December 15, 2016 - 16:21
In my last essay, I expressed my fear of “nature with all its infinite silence and unpredictability”. Does silence help me or us (humankind) as a society? In education, teachers/professors tell us to be quiet for a test or to take time alone to think about a concept, but does silence allow us to actually reach any solutions? When we are young parents tell us to time out, leaving us with only our own frustrations and anger, alone in our own silence. Yet in in these interactions we are hardly ever in actual silence. Even right now as I write this, as I think I am in silence, I hear the hum of my computer and the mumble of the TV coming from downstairs. So why would I be afraid of nature’s silence, and why does it leave me feeling vulnerable to an unpredictable world? Well I see no clear answer why silence disturbs me so much. I could blame this on my upbringing in a city but I have heard others from various parts of the world, “hate” the silence. “Porous Bodies and Trans- Corporeality” by Stacy Alaimo and “Human Cells Make Up Only Half Our Bodies. A New Book Explains” by Jonathan Weiner speak about the susceptibility of our bodies to accept outside bacterias and other bodies (organisms) because of the porosity of our bodies. What does that have to do with fear of silence? Well I believe that our modern society with all the buzz and technology that keeps us preoccupied throughout the days, simply tending to our own thoughts in a silence that completely holds the unknowing is a threat. A threat like this terrifies us because we feel alone-- alone with our porous bodies.
The two articles by Alaimo and Weiner leave me wondering what it means to be human. Alaimo explains how we are totally vulnerable to our surroundings and Weiner says that we really are made up just a large variety of cells of which only half of are considered “human”. As humans we feel so above nature as to view ourselves as a separate entity.
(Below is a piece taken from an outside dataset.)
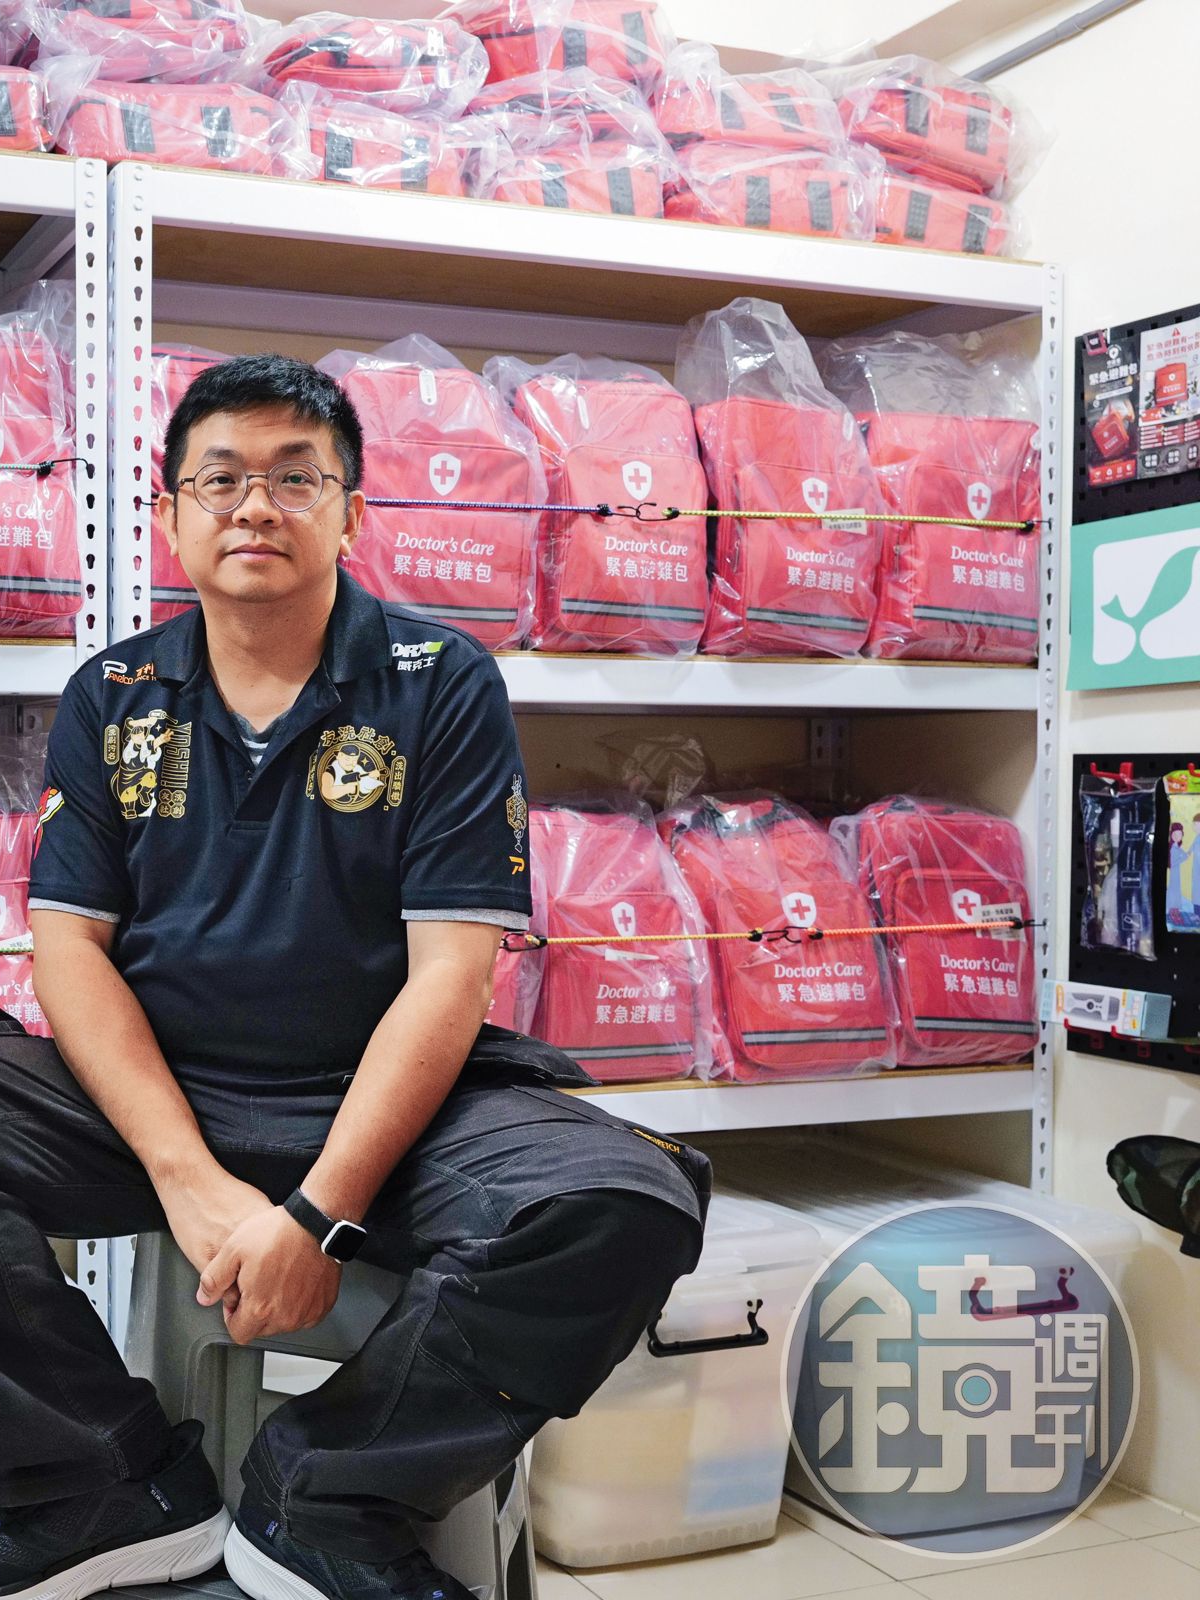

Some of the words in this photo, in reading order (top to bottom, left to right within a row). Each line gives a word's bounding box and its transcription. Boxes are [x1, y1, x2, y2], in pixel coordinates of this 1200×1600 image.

Weiner mentions to us thought that, “The human genome consists of about 25,000 genes. But the combined genomes of all of our fellow travelers are about 500 times larger.” So we are made up of so many entities, yet we fail to connect with them. I learned in my Geology class, if the timeline of the Earth were represented by a human arm, human life could be brushed off the tip of a fingernail. So as a species we are so young and we have not yet acquired the skills to understand what we are, although we have the egos as though we do. For me, I have never necessarily considered myself “bonded” with nature because I enjoy living in the human constructed societies. Technically I am bonded with nature through our respiratory process, but in terms of feeling connected outside of a purely scientific way not really. It does not mean I don’t believe that we shouldn’t do something to help save our planet from the pain we are afflicting on it, but I can also see why the process of making more significant changes has yet to be instituted. Our disconnect/fear of nature, allows us (I am generally using “us” as a human society as a whole, though I realize efforts are trying to be taken) to make any real change. Alas, with all this disconnect, I have failed to understand what the silence of nature means.
The meaning. There is no meaning to it, only a truth said to be found in it, yet again our fears/anxiety about what unpredictable truths lie in that silence. Well I think I am actually coming to realize an analogy to our fears of it, or at least mine in particular. Humans have just been born and the nature is our parent. We have yet to understand it, and we are afraid of what nature holds in its silence so we distract ourselves in our own communities to ignore these fears. We are afraid of death, because we view it as a threat. In nature, the porosity of our bodies, leads us to to feel like a victim, that lead us to our ultimate fear, death. Alaimo says, “... every encounter between bodies modifies the bodies that encounter one another, such that their affects– their capacities for acting and being acted upon –gain or lose power.” A human’s biggest fear is losing power, and any source that has that ability is considered a threat. So our bodies are really a threat to ourselves because we have the ability to lose power to the simple forces of nature.
Alas, we are afraid of much more than an infinite silence in nature. Even now, as I say continue to say “we” and “our” when I should say “I” because even now I feel afraid of feeling alone in my fears. Stacy Alaimo and Jonathan Weiner’s articles display how afraid we can be of nature. In that nature is an infinite silence that scares me and why is because we realize just how vulnerable our minds and bodies are. To be vulnerable or weak is frowned upon so we want to gain power, yet instead we continue to lose power to the bodies that our bodies interact with. Although we do whatever we can to not lose power (the reason for the push toward antibacteria), we cannot fight what our bodies are made to do. So there are a lot of layers to are push against silence, and the silence used in education in a human society is different then the silence nature produces. In a human society, silence gives us time to find what we usually consider a solution but in nature there is no solution only our minds. Our minds in the silence of nature, then frighten us because we think about the porosity of our bodies which leave us vulnerable. In the human constructed society, we are not as afraid of the silence because we feel comfortable/safe with our efforts to combat bacteria which nature does not provide.